Abstract

Cerebral arteriopathies
The diagnosis of small-vessel cerebral arteriopathies requires a high level of clinical suspicion, astute interpretation of imaging findings, and a detailed examination of the skin, eye, or other organ systems. They are often disclosed by the presence of recurrent small-vessel infarcts in patients with chronic headaches, skin lesions, known systemic infections, or MRI findings of scattered small-vessel infarcts or micro-hemorrhages with or without white matter lesions. Several small-vessel arteriopathies (e.g. CADASIL (5); see Table 1) have established diagnostic criteria or can be confirmed with specialized tests, such as skin or brain biopsy, or genetic, immunological, or microbiological tests. Some small-vessel arteriopathies can be comfortably diagnosed with clinical-imaging correlation, for example lipohyalinotic small-vessel disease in patients with chronic hypertension, a lacunar stroke syndrome, and a corresponding small cerebral infarction in the distribution of a ‘penetrator’ artery. Others such as PACNS continue to pose diagnostic challenges because definitive diagnostic tests such as brain biopsy are often false-negative, and tests such as cerebrospinal fluid examination and angiography have low specificity (6).

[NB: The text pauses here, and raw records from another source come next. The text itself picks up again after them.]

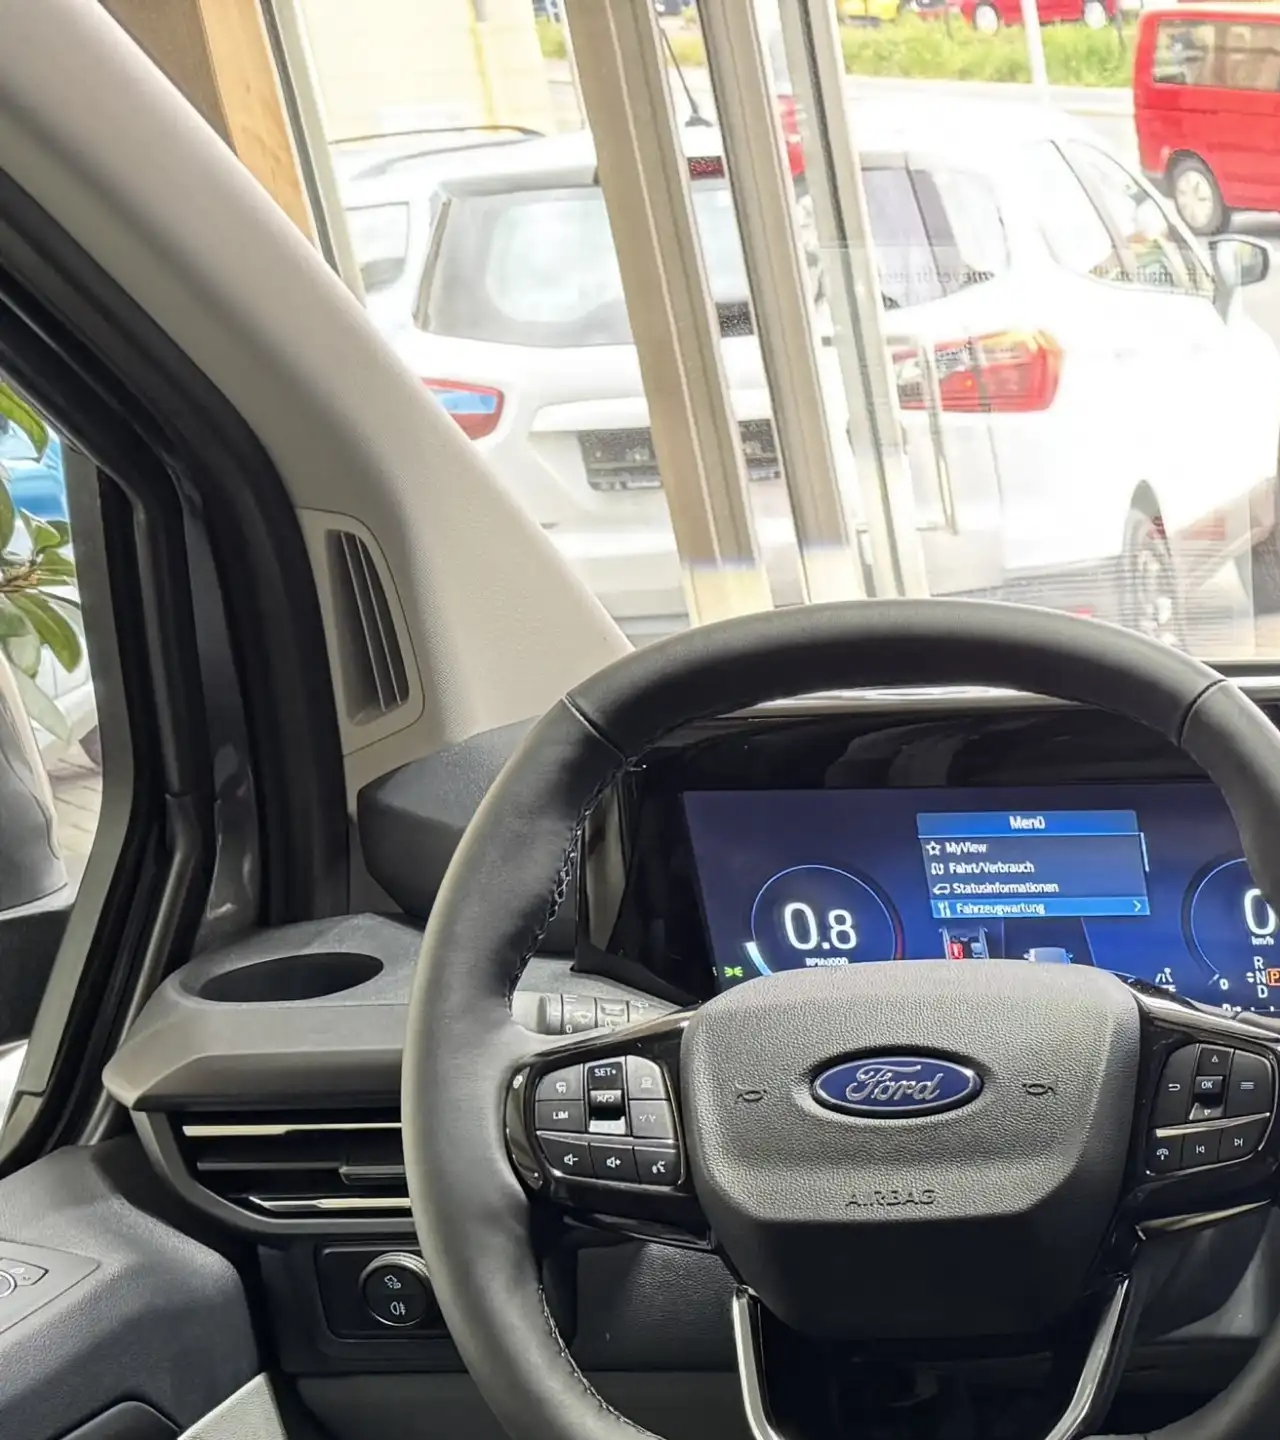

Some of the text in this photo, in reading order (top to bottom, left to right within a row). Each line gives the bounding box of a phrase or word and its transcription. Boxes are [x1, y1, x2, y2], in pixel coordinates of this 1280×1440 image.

[1008, 815, 1046, 830] Menü
[945, 841, 988, 856] MyView
[949, 860, 1035, 874] Fahrt/Verbrauch
[952, 882, 1059, 895] Statusinformationen
[956, 902, 1046, 916] Fahrzeugwartung
[783, 901, 858, 951] 0.8
[1250, 935, 1275, 946] km/h
[1253, 956, 1265, 970] R
[1255, 970, 1280, 984] N P
[1219, 978, 1229, 991] 0
[1257, 985, 1269, 999] D
[845, 1064, 945, 1101] Ford
[1201, 1080, 1214, 1089] OK
[552, 1110, 569, 1120] LIM
[845, 1189, 937, 1207] AIRBAG
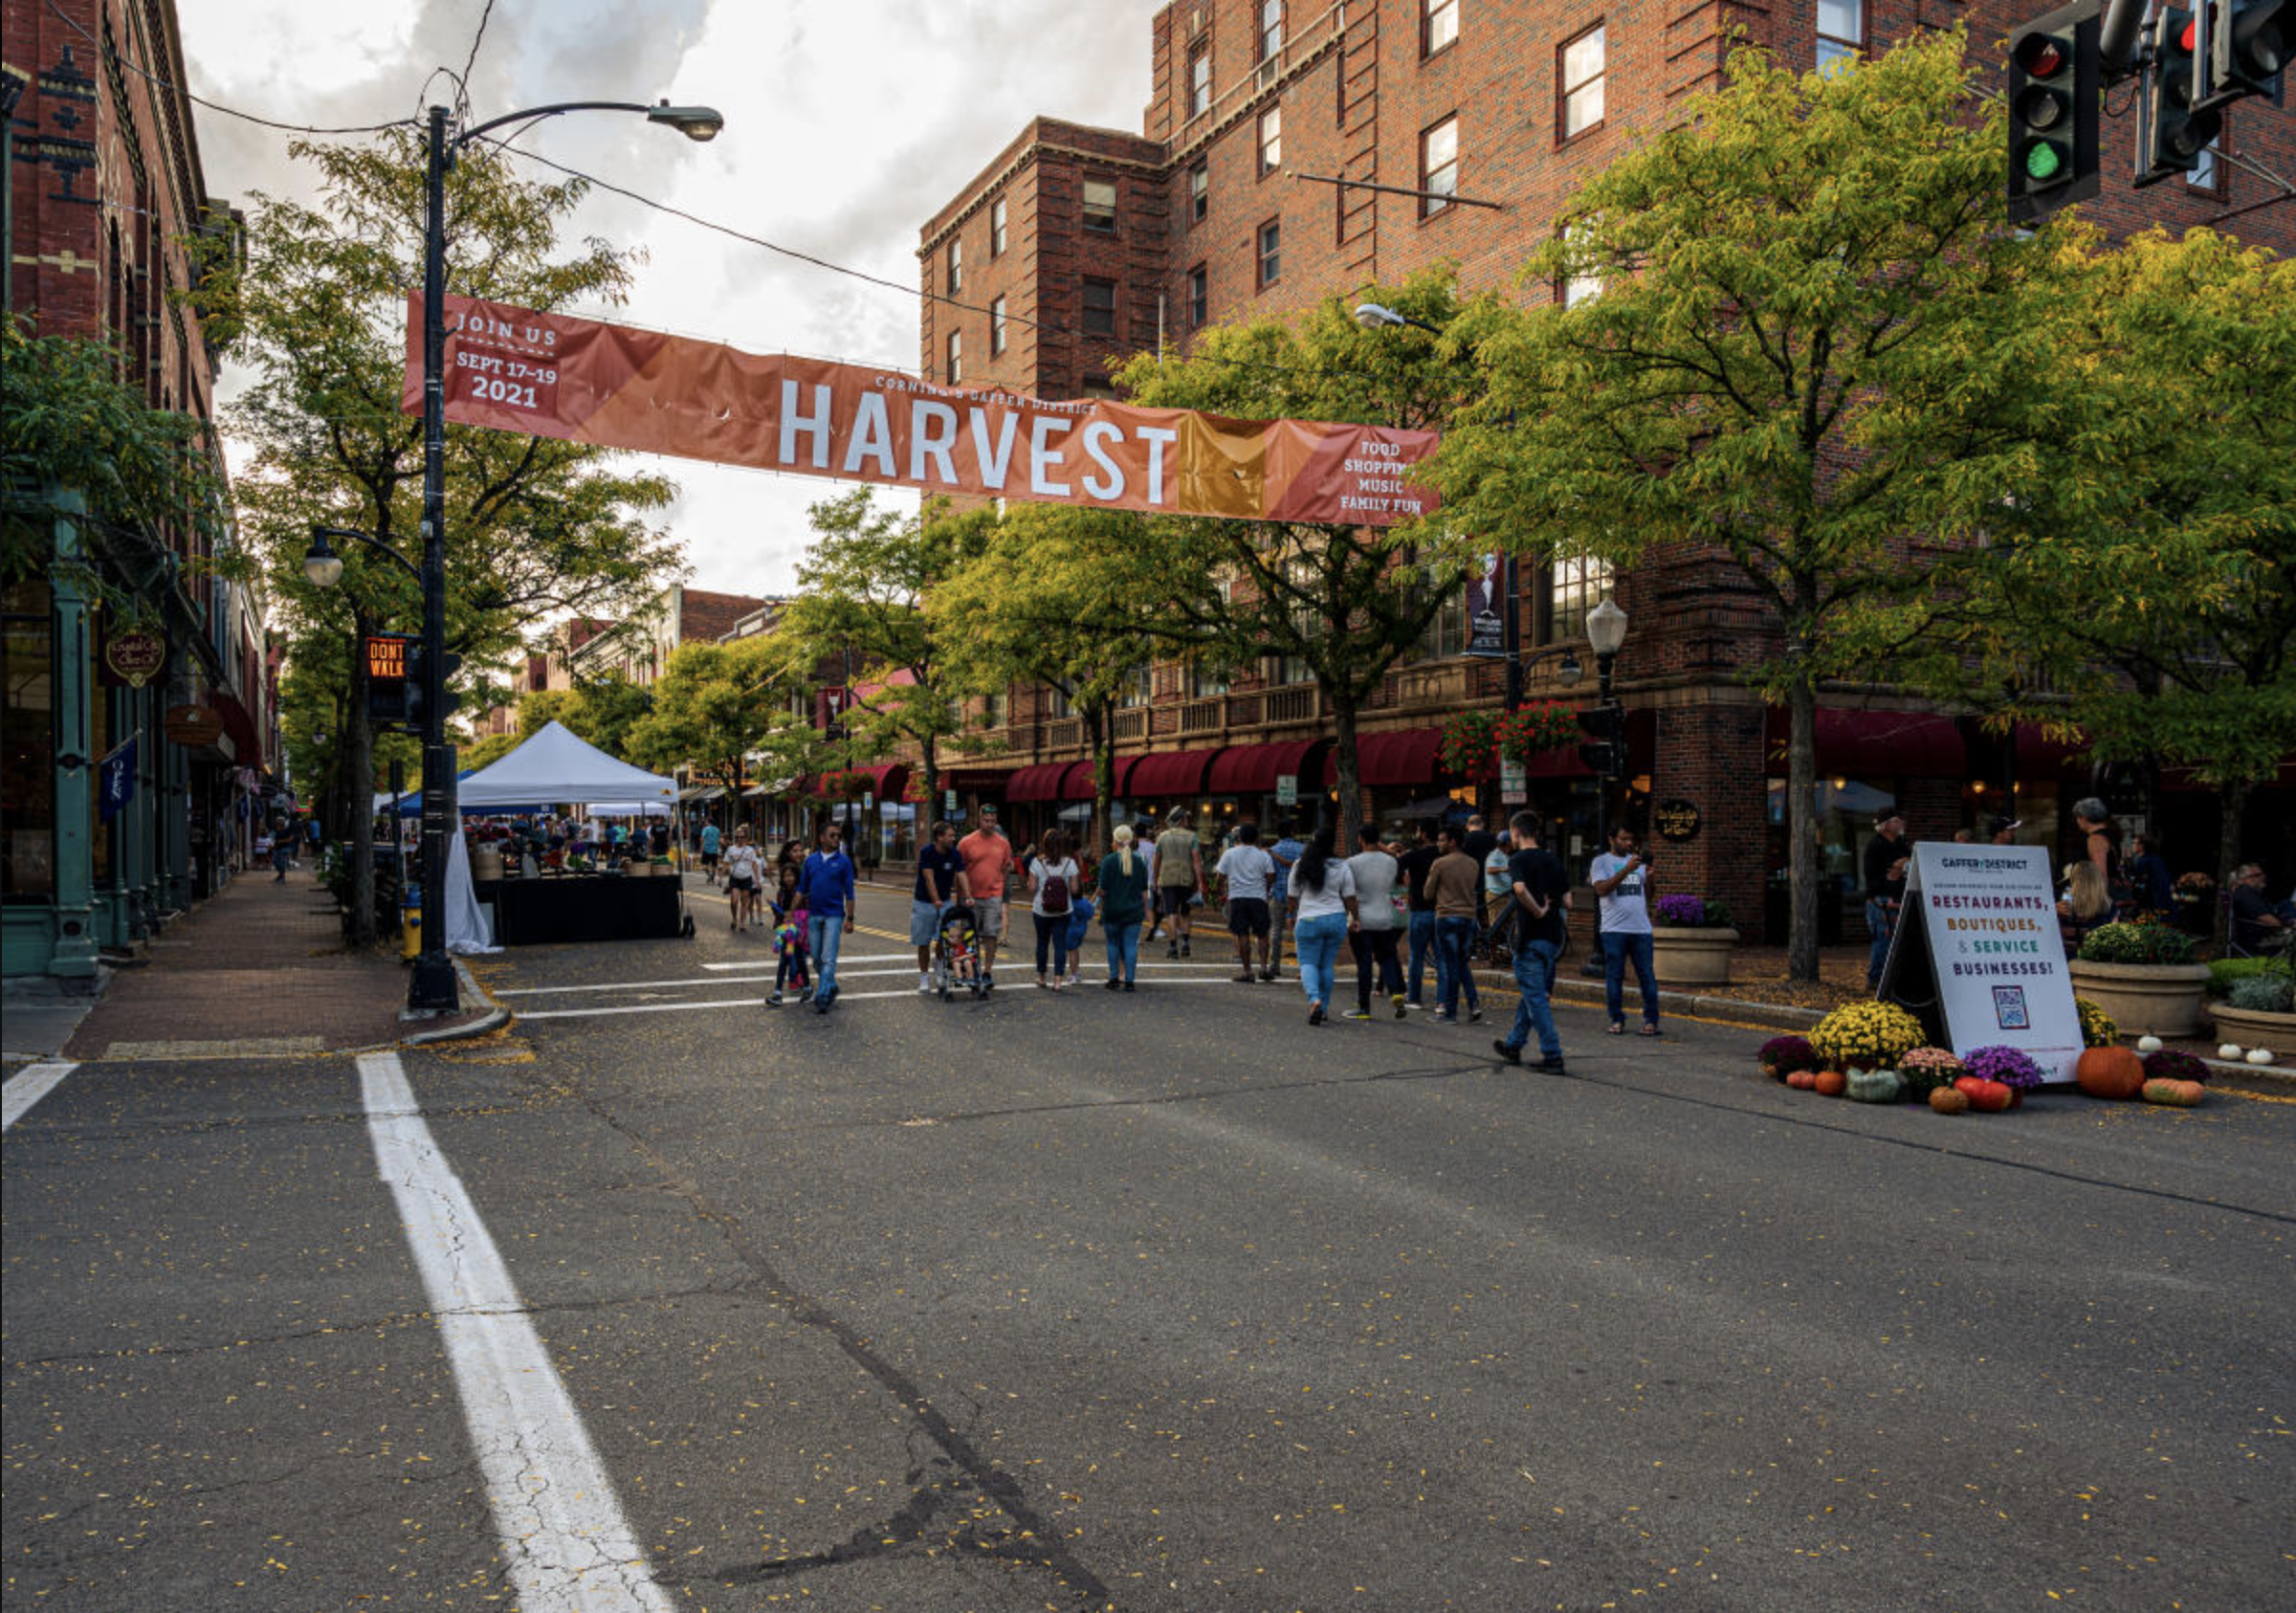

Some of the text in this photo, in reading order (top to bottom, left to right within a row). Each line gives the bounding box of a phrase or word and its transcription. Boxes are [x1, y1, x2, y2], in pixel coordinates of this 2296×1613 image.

[456, 314, 556, 345] JOIN US
[457, 351, 504, 374] SEPT
[472, 375, 538, 409] 2021
[779, 379, 1178, 504] HARVEST
[1361, 441, 1401, 456] FOOD
[1344, 458, 1414, 475] SHOPPIN
[1358, 478, 1403, 495] MUSIC
[1340, 497, 1423, 515] FAMILY FUN
[370, 642, 403, 659] DONT
[370, 659, 405, 676] WALK
[1941, 857, 2027, 871] GAFFER DISTRICT
[1932, 895, 2048, 912] RESTAURANTS,
[1958, 939, 2040, 954] & SERVICE
[1953, 961, 2053, 977] BUSINESSES!

Medium-vessel cerebral arteriopathies are typically disclosed when CT- or MR- angiography, performed during the routine evaluation of stroke or headache, reveal arterial irregularities. Alternately, they are suggested by clinical clues such as recurrent thunderclap headaches; stroke in the setting of recent headache, infection, stereotyped transient ischemic attacks, recent pregnancy, or illicit drug use; or imaging findings of unilateral deep border zone infarcts (7). Once arterial irregularity is documented, it becomes imperative to determine the etiology in order to initiate appropriate therapy. Unfortunately, in the absence of validated diagnostic criteria or confirmatory tests for most medium-sized arteriopathies, the approach remains variable and uncertain. Older adults are usually assumed to have intracranial atherosclerosis if they have vascular risk factors or calcified proximal cerebral arteries. In children, the diagnosis is particularly challenging given the need for serial angiography or advanced imaging (e.g. 3-Tesla MRI) to diagnose conditions such as transient cerebral arteriopathy and intracranial dissection that are more common in childhood. Young adults with intracranial arterial irregularities typically undergo a battery of expensive diagnostic tests, most of which have relatively low sensitivity and specificity, often culminating in a brain biopsy or empirical treatment for cerebral ‘vasculitis’, which is not without risks.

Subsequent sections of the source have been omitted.